Je ne crois nullement faire quelque chose qui soit indigne de ma plume en recommandant ici le soin de conserver sa fortune, gagnée ou héritée; car c'est un avantage inappréciable de posséder tout acquise une fortune, quand elle ne suffirait même qu'à permettre de vivre aisément, seul et sans famille, dans une véritable indépendance, c'est-à-dire sans avoir besoin de travailler; c'est là ce qui constitue l'immunité qui exempte des misères et des tourments attachés à la vie humaine; c'est l'émancipation de la corvée générale qui est le destin propre des enfants de la terre. Ce n'est que par cette faveur du sort que nous sommes vraiment homme né libre; à cette seule condition, on est réellement sui juris, maître de son temps et de ses forces, et l'on dira chaque matin: «La journée m'appartient.» Aussi, entre celui qui a mille écus de rente et celui qui en a cent mille, la différence est-elle infiniment moindre qu'entre le premier et celui qui n'a rien. Mais la fortune patrimoniale atteint sa plus haute valeur lorsqu'elle échoit à celui qui, doué de forces intellectuelles supérieures, poursuit des dessins dont la réalisation ne s'accommode pas à un travail pour vivre: placé dans ces conditions, cet homme est doublement doté par le sort; il peut maintenant vivre tout à son génie, et il payera au centuple sa dette envers l'humanité en produisant ce que nul autre ne pourrait produire et en créant ce qui constituera le bien et en même temps l'honneur de la communauté humaine. Tel autre, placé dans une situation aussi favorisée, méritera bien de l'humanité par ses œuvres philanthropiques. Quant à celui qui, possédant un patrimoine, ne produit rien de semblable, dans quelque mesure que ce soit, fût-ce à titre d'essai, ou qui par des études sérieuses ne se crée pas au moins la possibilité de faire progresser une science, celui-là n'est qu'un fainéant méprisable. Il ne sera pas heureux non plus, car le fait d’être affranchi du besoin le transporte à l'autre pôle de la misère humaine, l'ennui, qui le torture tellement qu'il serait bien plus heureux si le besoin lui avait imposé une occupation. Cet ennui le fera se jeter facilement dans des extravagances qui lui raviront cette fortune dont il n'était pas digne. En réalité, une foule de gens ne sont dans l'indigence que pour avoir dépensé leur argent pendant qu'ils en avaient, afin de procurer un soulagement momentané à l'ennui qui les oppressait.

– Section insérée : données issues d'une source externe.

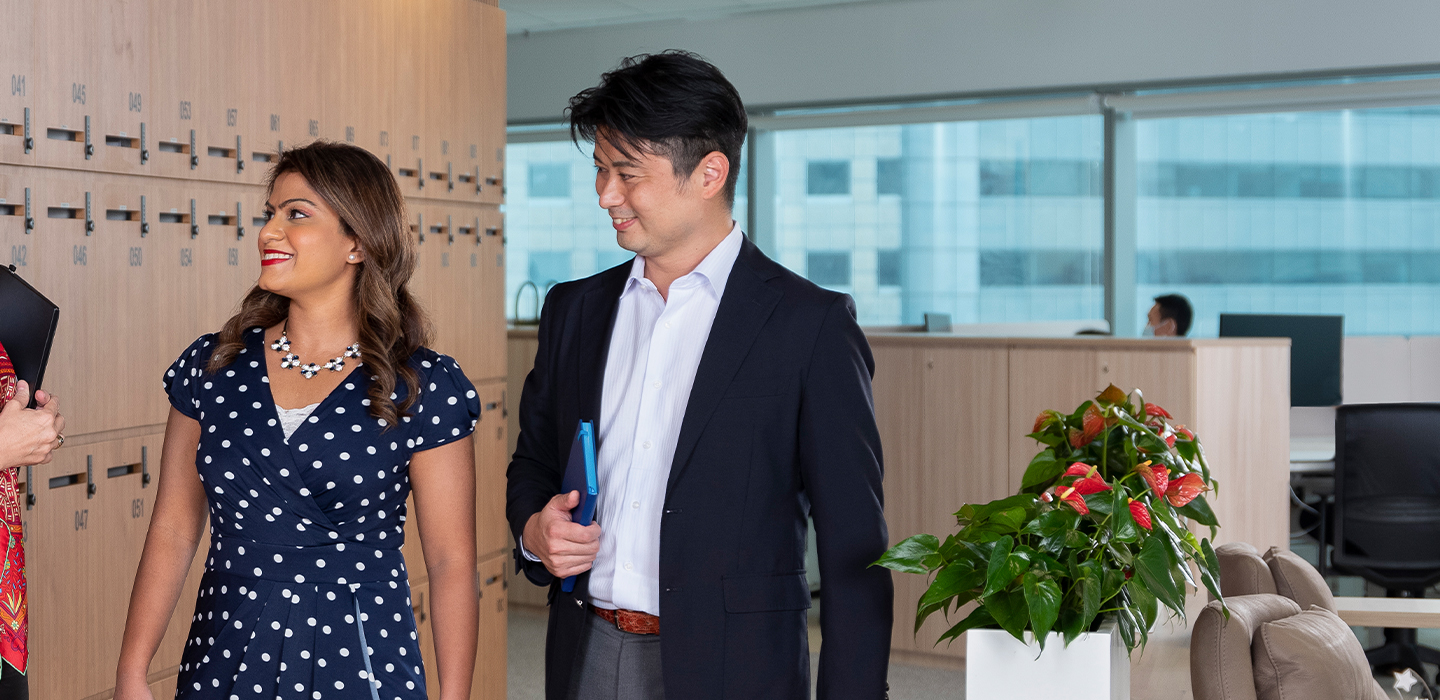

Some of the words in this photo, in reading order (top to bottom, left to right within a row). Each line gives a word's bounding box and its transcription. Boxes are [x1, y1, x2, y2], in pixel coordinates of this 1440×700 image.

Les choses se passent tout autrement quand le but qu'on poursuit est de s'élever haut dans le service de l'État; quand il s'agit, par conséquent, d'acquérir de la faveur, des amis, des relations, au moyen desquels on puisse monter de degré en degré et arriver peut-être un jour aux postes les plus élevés: en pareil cas, il vaut mieux, au fond, être venu au monde sans la moindre fortune. Pour un individu surtout qui n'est pas de la noblesse et qui a quelque talent, être un pauvre gueux constitue un avantage réel et une recommandation. Car ce que chacun recherche et aime avant tout, non seulement dans la simple conversation, mais encore, a fortiori dans le service public, c'est l'infériorité de l'autre. Or il n'y a qu'un gueux qui soit convaincu et pénétré de son infériorité profonde, entière, indiscutable, omnilatérale, de sa totale insignifiance et de sa nullité, au degré voulu par la circonstance. Un gueux seul s'incline assez souvent et assez longtemps, et sait courber son échine en révérences de 90 degrés bien comptés: lui seul endure tout avec le sourire aux lèvres, seul il reconnaît que les mérites n'ont aucune valeur; seul il vante comme chefs-d'œuvre, publiquement, à haute voix ou en gros caractères d'impression, les inepties littéraires de ses supérieurs ou des hommes influents en général; seul il s'entend à mendier; par suite, lui seul peut être initié à temps, c'est-à-dire dès sa jeunesse, à cette vérité cachée que Gœthe nous a dévoilée en ces termes:

Ueber's Niederträchlige
Niemand sich beklage:
Deim es ist das Mächtige,
Wos raan dir auch sage.

(W. O., Divan.)

(Que nul ne se plaigne de la bassesse, car c'est la puissance, quoi que l'on vous dise.)—(Trad. Porchat.)